Kini ia tak dapat lari dari pria arrogan itu, untuk merangkak saja dirinya sudah tak kuasa. Matanya hanya bisa mengeluarkan bulir-bulir bening yang membuat dadanya semakin sesak. Ia juga tidak tau, alasan apa sebenarnya yang membuat Doris tega menjualnya?
"Hapus air matamu! Aku muak melihat wanita menangis. Kau harus bisa memuaskan hasratku malam ini!" perintah Lucas dengan lantangnya.
Mungkin ini sudah menjadi nasib buruknya yang harus menjadi wanita pemuas hasrat pria asing di hadapannya. Lidahnya kelu, dadanya teramat sesak sambil sesekali tangannya menyeka air matanya. Ia sudah tak peduli lagi dengan keadaannya yang sudah tampak kacau.
"Apa yang harus kulakukan, Tuan?" tanya Lunar dengan bibir gemetar.

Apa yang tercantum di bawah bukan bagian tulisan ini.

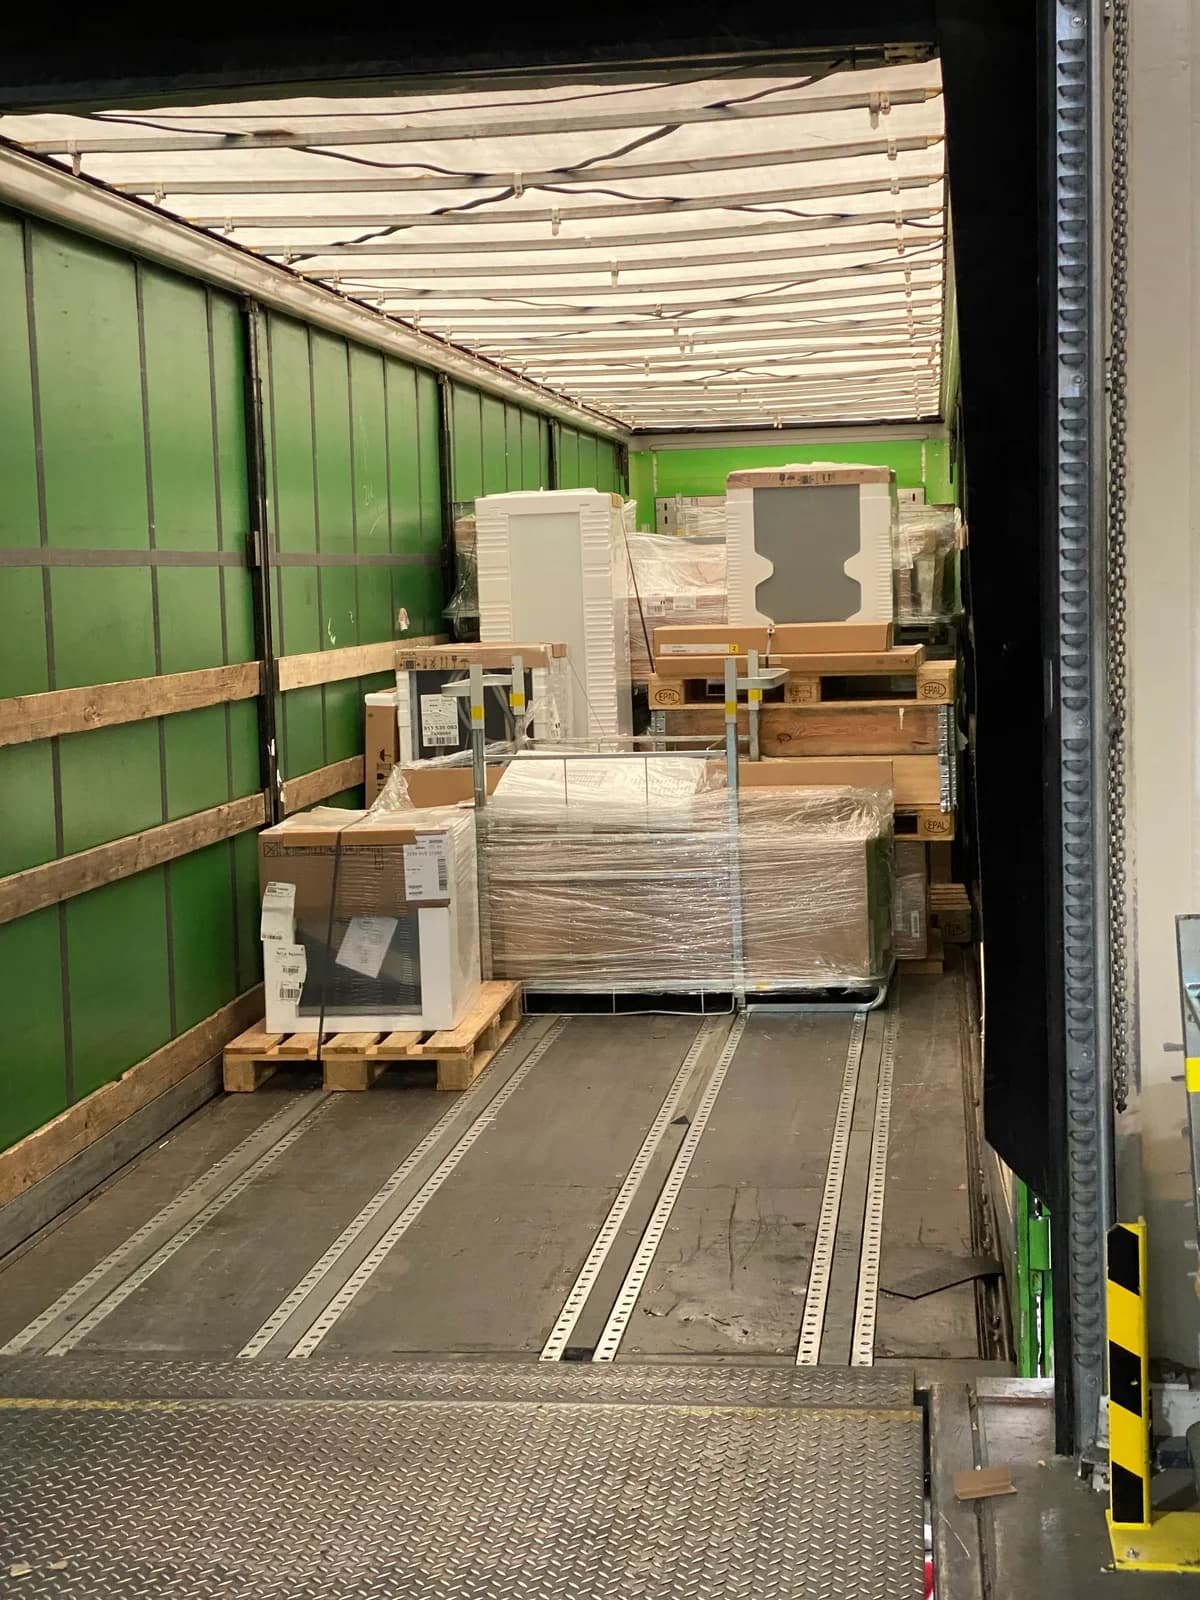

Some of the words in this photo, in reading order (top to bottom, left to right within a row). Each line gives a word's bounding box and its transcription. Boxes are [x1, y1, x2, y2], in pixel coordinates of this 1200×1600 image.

[924, 685, 943, 695] EPAL
[659, 691, 676, 702] EPAL
[927, 820, 946, 830] EPAL
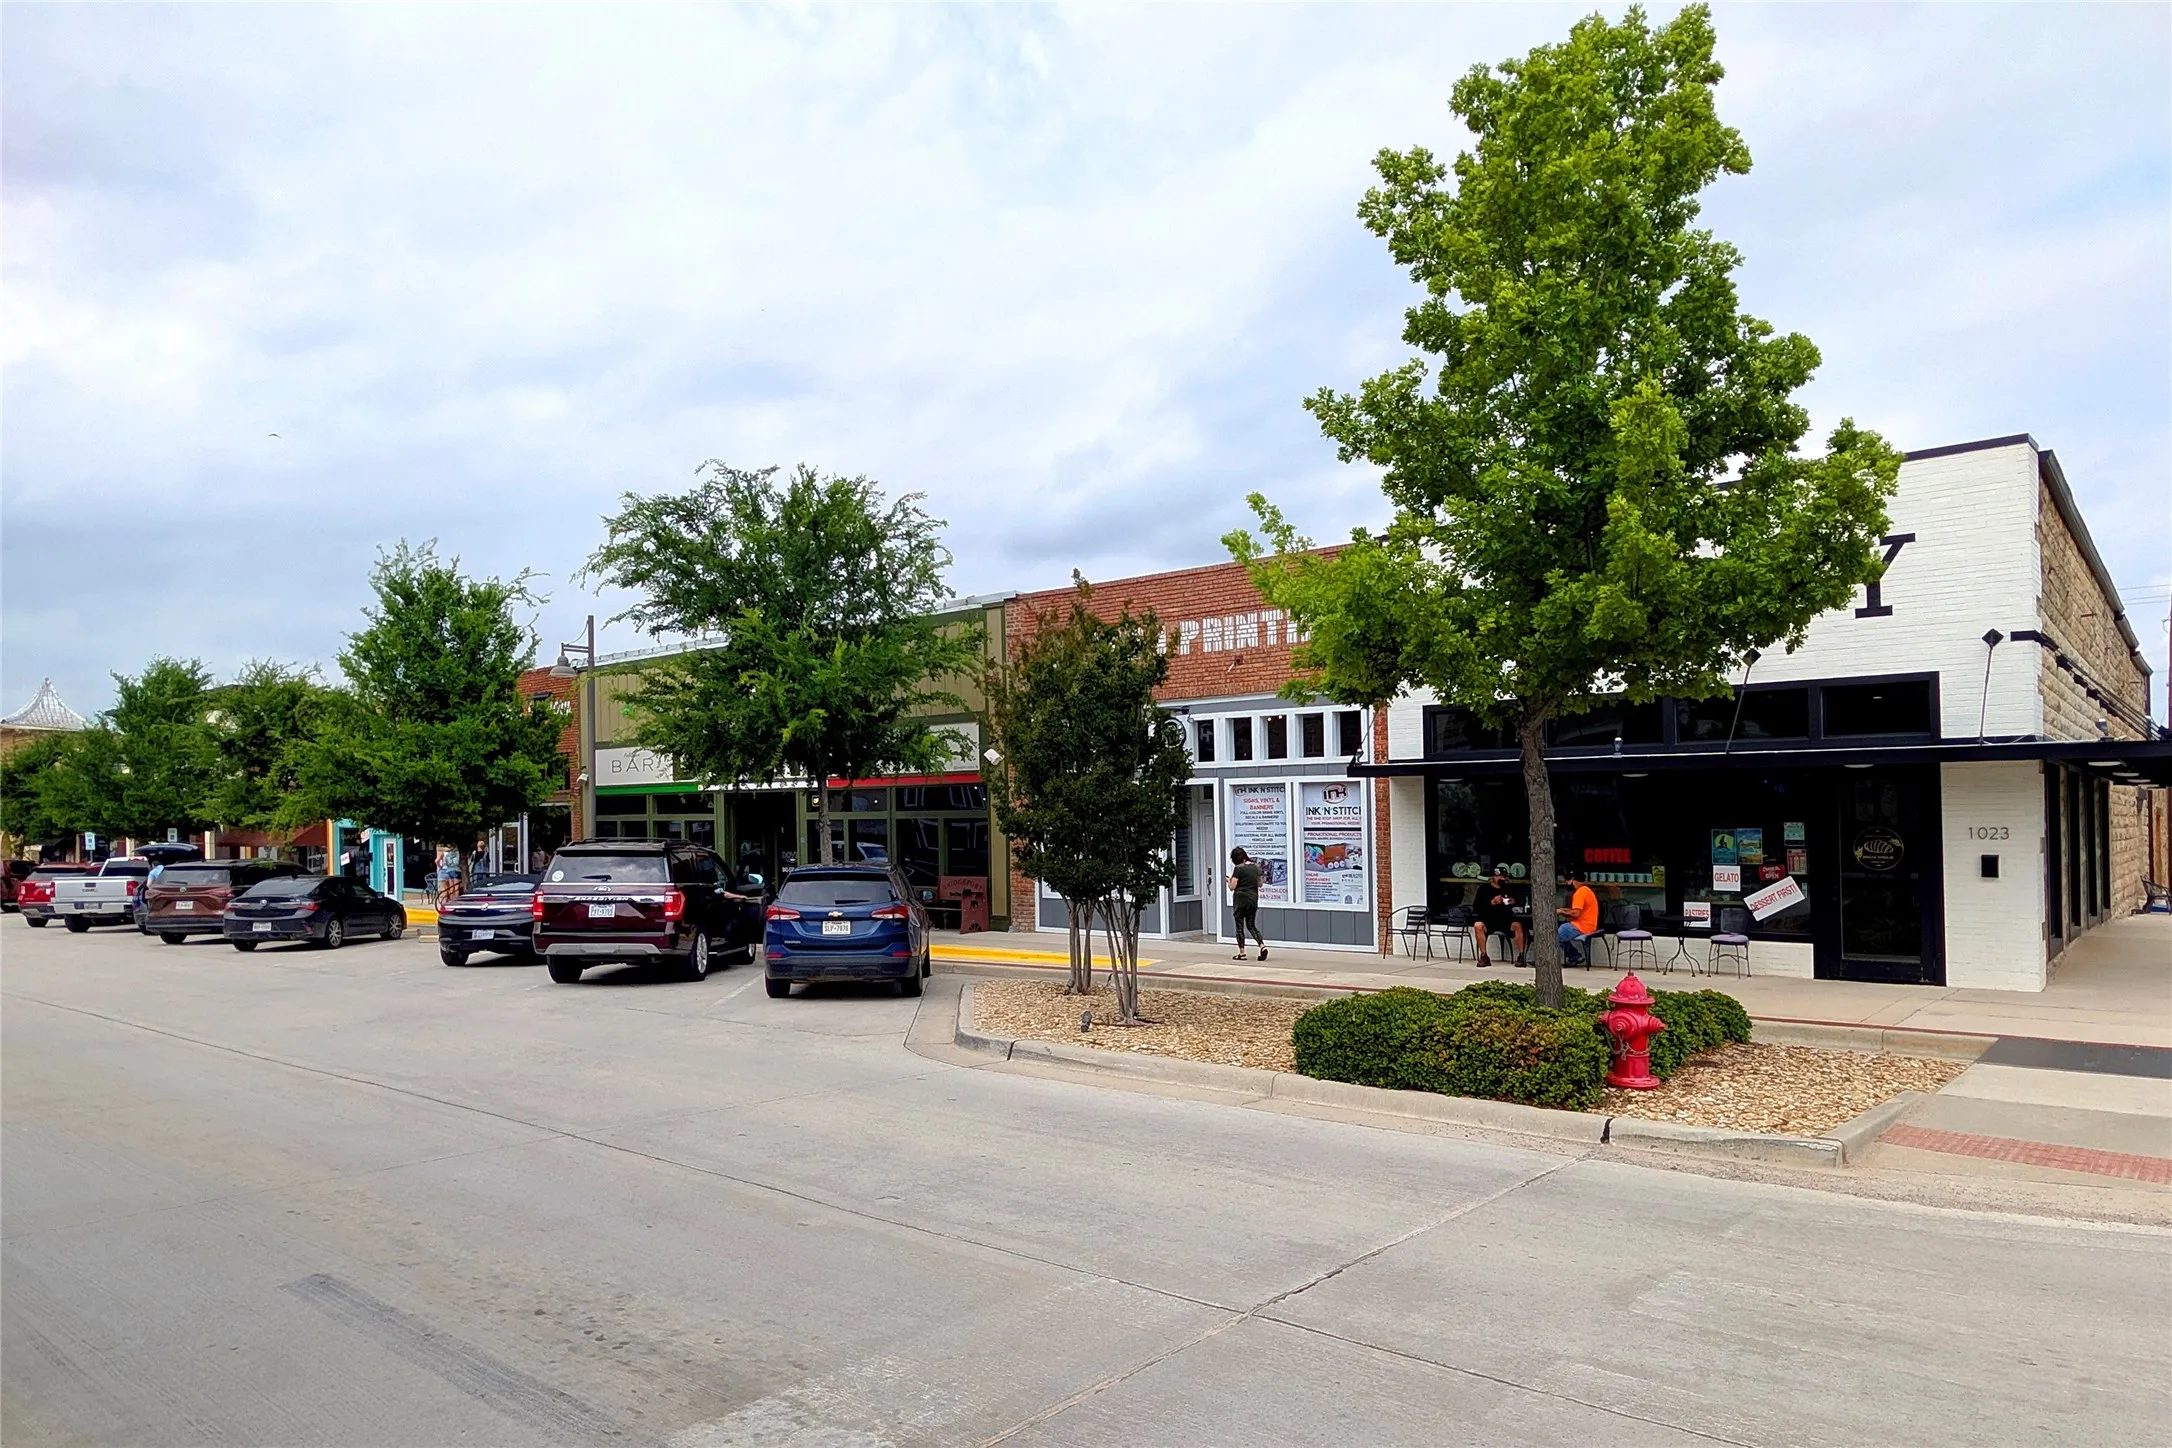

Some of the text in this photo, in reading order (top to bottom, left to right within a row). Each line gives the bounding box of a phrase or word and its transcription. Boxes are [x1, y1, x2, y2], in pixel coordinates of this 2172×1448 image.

[1306, 806, 1321, 815] INK
[1968, 827, 2010, 840] 1023
[1584, 848, 1631, 863] COFFEE
[1715, 873, 1739, 883] GELATO
[1749, 893, 1777, 912] DESSERT

"Panggil aku Tuan Lucas!" sergah Lucas dengan angkuhnya. "kau cukup melayaniku saja setiap malam dan menjadi pemuas hasratku. Jika kau berani menolak atau mencoba kabur dariku, aku tidak segan-segan membuat ibumu mati." ancam Lucas dengan puas.
Lunar semakin tertekan dan khawatir dengan keadaan ibunya. Sudah setengah tahun lamanya ibunya divonis penyakit jantung dan perlu uang untuk membiayai pengobatannya. Lunar tidak dapat membayangkan betapa buruknya nasib yang akan diterimanya. Entah sampai kapan dirinya harus terjebak dalam mimpi buruknya?
"Pergilah, mandi. Bersihkan dirimu yang kotor dan bau itu. Aku akan menunggumu di sini," pinta Lucas dengan angkuhnya.
"B-baik." balas Lunar dengan bibir masih bergetar.
Bagaimana mungkin ia harus lari dari pria mengerikan dan tidak dikenalnya itu? Melihat wajahnya saja cukup membuat nyalinya ciut. Apakah benar adanya orang-orang luar itu sangat kejam dan keras? Lunar terus menangis sambil mengguyur tubuhnya dengan air shower. Entah berapa lama ia harus bertahan di kota London ini? Membayangkannya sangat membuatnya kehilangan arah.
Kini Lunar telah kembali dengan handuk kimono yang menutupi tubuhnya. Tampaknya keadaannya sudah sedikit membaik. Tubuhnya terasa segar dan lebih fresh setelah mandi. Matanya tercengang saat melihat makanan tersaji di atas meja. Ia tersenyum sambil mengelus perutnya. Kebetulan saat itu perutnya mulai lapar dan ia sudah tak tahan untuk menyantap makanan tersebut.
Tapi, seketika ia merasa bingung. Ia tidak melihat ke mana pria itu? Lunar mencoba mencari pria itu di seluruh sudut kamar, akan tetapi hasilnya nihil.
"Nyonya Lunar. Anda diminta untuk segera makan. Karena Tuan Lucas sedang ada urusan di luar, dan beliau akan kembali sesegera mungkin." perintah salah seorang pramusaji di hotel itu.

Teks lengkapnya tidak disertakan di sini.